Publishers' and Editors' Roles in Semantic Publishing
In a separate paper [26], we reviewed the status of semantic publishing in
the autumn of 2008, and the prospect for such semantic enhancements becoming routine.
In brief, we see publishers, editors, and authors all playing important roles.
In subscribing to the Brussels Declaration, STM publishers have already aligned
themselves with the aims of semantic publishing, and are seeking ways to implement
these commitments in an affordable manner. So what data should the publishers make
freely available? Minimally, they should provide machine-readable provenance
information about the article itself, and ideally a fully featured domain-specific
Structured Digital Abstract. The datasets that underlie the figures and tables in
their articles should be made accessible in actionable form, and machine-readable
reference lists should be made available so that citation networks can be created,
analysed, and used to promote reader traffic to both citing and cited articles, to
the mutual benefit of the publishers concerned. The Royal Society of
Chemistry's Project Prospect described above, which relies heavily upon the
domain expertise of its editors for the creation of textual semantic markup, provides
a paradigm for using the skills of specialist editors to provide semantic enrichment
to journal articles.
Authors' Roles in Semantic Publishing
Authors know better than anyone else their domains of discourse, and the position of
their articles within them. Only the authors really know why they cite particular
papers in preference to others, and the nature of both the citations and the cited
articles. If that tacit knowledge could be captured using a reference annotation
tool, employing terms from the Citation Typing Ontology, the work of developing typed
reference lists would essentially be done.
The Microsoft Corporation has recently released Version 1.0 of a plug-in for MS-Word
2007 (http://tinyurl.com/5szjly) for the creation of
structural markup that supports the National Library of
Medicine's document format used by many publishers and by PubMed Central.
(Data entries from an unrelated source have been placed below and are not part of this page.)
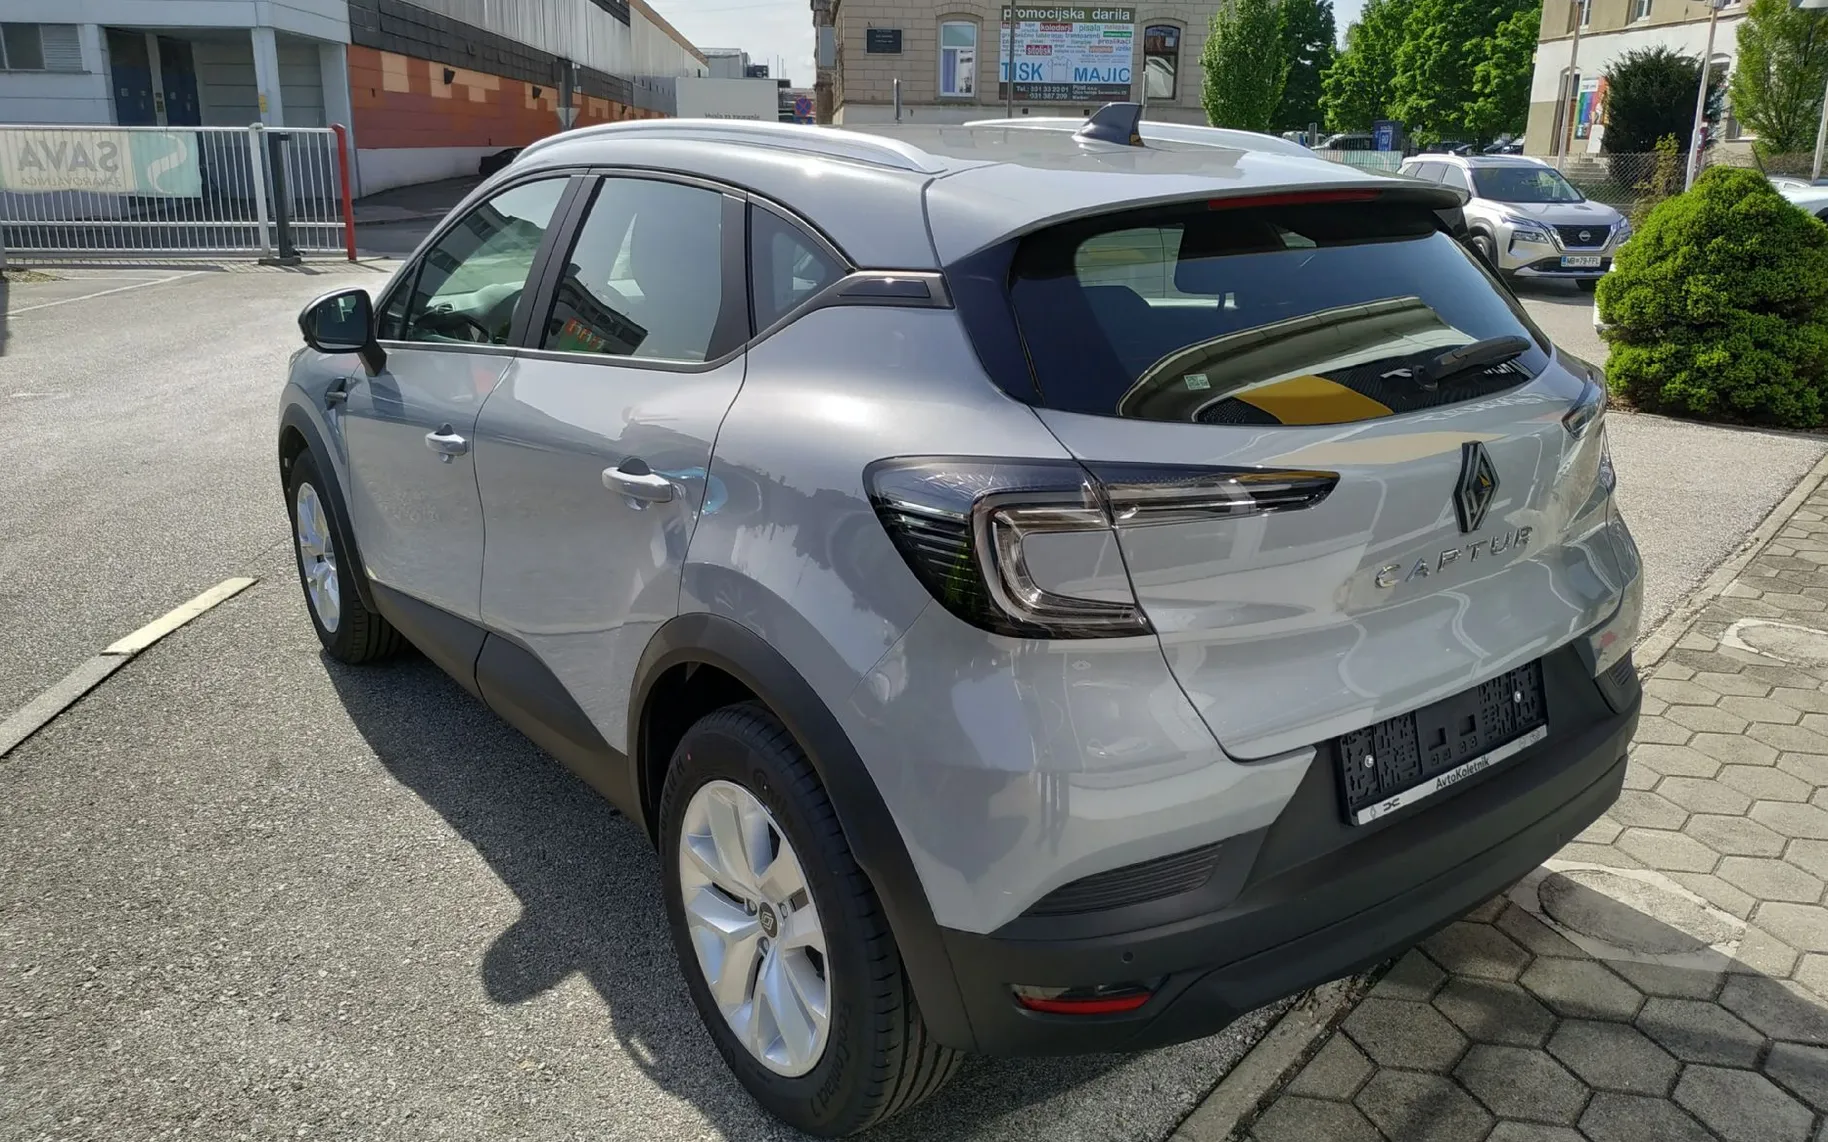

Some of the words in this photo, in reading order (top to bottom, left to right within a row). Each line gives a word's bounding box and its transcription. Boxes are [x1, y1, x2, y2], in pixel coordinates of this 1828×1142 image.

[1092, 8, 1130, 20] darila
[1001, 62, 1043, 81] TISK
[1074, 67, 1130, 82] MAJIC
[1375, 526, 1533, 589] CAPTUR
[1435, 755, 1490, 790] AvtoKoletnik
Additionally, Microsoft has just published a second plug-in permitting ontology-based
semantic markup of named entities (http://ucsdbiolit.codeplex.com/). Routine use of these applications would
enable authors to add both structural and semantic markup to articles with minimal
effort.
Authors' raw numerical datasets are almost always held in spreadsheets. If
requested to do so by journals, authors could easily submit these spreadsheets with
manuscripts, for publication as downloadable Supporting Information files. Thus,
given the correct tools and incentives, authors could contribute most of the data and
create much of the metadata required for semantic publishing during the course of
article writing, with marginal additional effort.
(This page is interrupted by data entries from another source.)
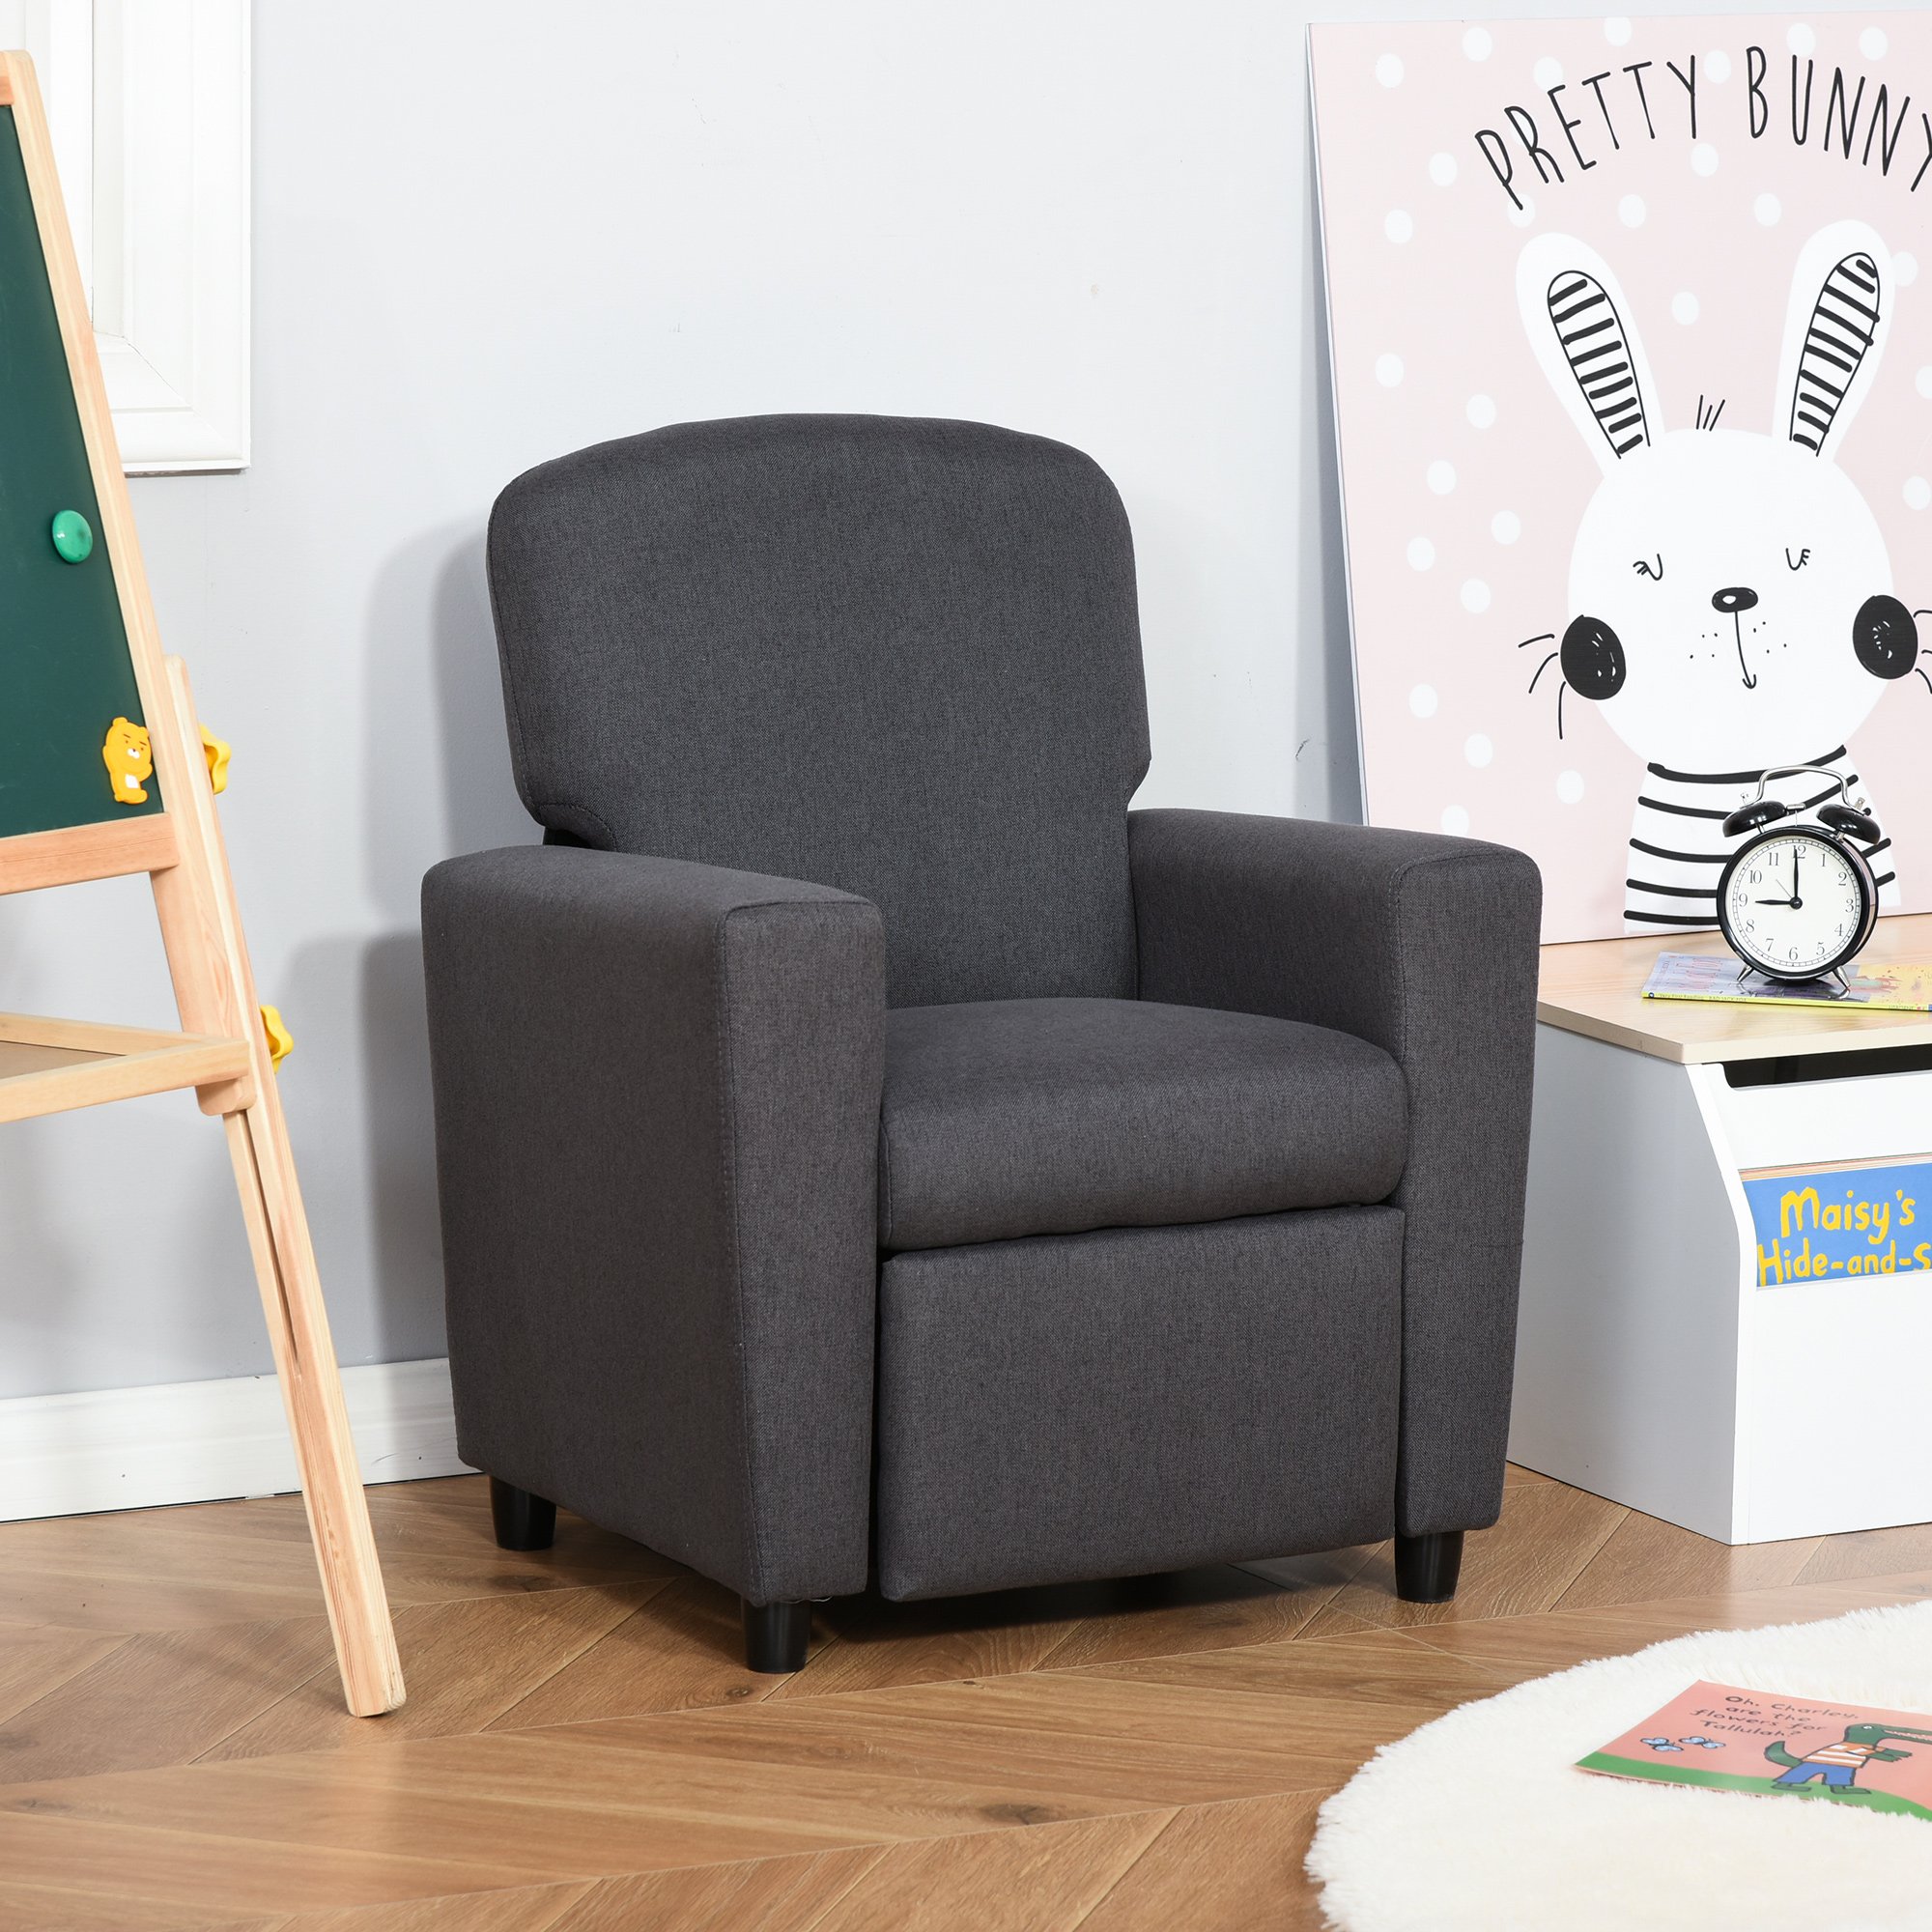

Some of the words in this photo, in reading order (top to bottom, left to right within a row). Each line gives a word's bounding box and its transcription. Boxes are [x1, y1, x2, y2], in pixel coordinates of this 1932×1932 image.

[1475, 54, 1696, 211] PRETTY
[1746, 46, 1932, 192] BUNNY
[1768, 852, 1779, 867] 11
[1792, 844, 1806, 860] 12
[1820, 853, 1827, 867] 1
[1749, 869, 1763, 884] 10
[1837, 872, 1847, 887] 2
[1739, 893, 1748, 907] 9
[1845, 898, 1855, 913] 3
[1746, 919, 1755, 934] 8
[1834, 923, 1843, 937] 4
[1765, 938, 1775, 952] 7
[1816, 942, 1826, 956] 5
[1788, 947, 1799, 960] 6
[1780, 1186, 1916, 1244] Maisy's
[1690, 1708, 1779, 1727] flowers
[1788, 1722, 1828, 1731] for
[1725, 1707, 1761, 1716] are
[1773, 1713, 1811, 1722] the
[1700, 1719, 1802, 1738] Tallulah?
Automated Named Entity Recognition: The Role of Text Mining
To enable textual semantic markup to be undertaken cost-effectively across the
publishing world, an alternative to author markup at the time of writing is automated
text mining applied to the submitted manuscript. In the biological domain, the
BioCreAtIvE Challenge (Critical Assessment of Information Extraction systems in
Biology) (http://biocreative.sourceforge.net/, http://www.biocreative.org/),
now in its sixth year, has been very effective in catalysing a critical comparative
evaluation of the capabilities of text mining and information extraction systems
applied to the biological literature. A special issue of Genome Biology (http://genomebiology.com/supplements/9/S2), which contains 14 papers
arising from BioCreAtIvE II, presents the state of the art.
There has already been considerable discussion in the literature concerning the
potential role of text mining in extracting from full-text articles the information
required to describe protein–protein interactions in Structured Digital
Abstracts, and reciprocally for SDAs to assist full-text text mining [4], [5], [27]–[30]. Indeed, the current
round of BioCreAtIvE, BioCreAtIvE II.5 (http://www.biocreative.org/news/chapter/biocreative-ii5/), is focusing
on automated tools to replicate manual production of structured digital abstracts,
using FEBS Letters as the dataset, blurring the distinction between
authoring tools and post-submission analysis. It has been concluded that while
current text-mining techniques are adequate for recognition of named entities (e.g.,
gene names), the extraction of relationships is a task for which information
extraction tools still require additional development [30]. Our own experience in
marking up the PLoS NTDs article shows that a measure of expert
human supervision is likely to be required to avoid ambiguities.
In our testing of freely available semantic categorization services, we found the
uBio Taxon Finder Web service for automatically finding taxonomic names within text
(http://www.ubio.org/index.php?pagename=xml_services) to be highly
accurate when applied to the text of our selected PLoS NTDs article,
while the free Reuters OpenCalais automated text-mining service (http://www.opencalais.com/) was excellent at recognising persons,
place names, and institutions, as might be expected, but performed very poorly for
domain-specific biological terms.
Other more sophisticated text-mining and natural language processing tools are
currently being developed to recognise textual instances and to link them
automatically to domain-specific ontologies, and it is to be hoped that such
developments at the interface between text mining and semantic technologies will in
future facilitate automated markup of journal articles.
Conclusions
The UK Government's 2006 Foresight Report (http://www.foresight.gov.uk/Infectious%20Diseases/E1_ID_Executive_Summary.pdf)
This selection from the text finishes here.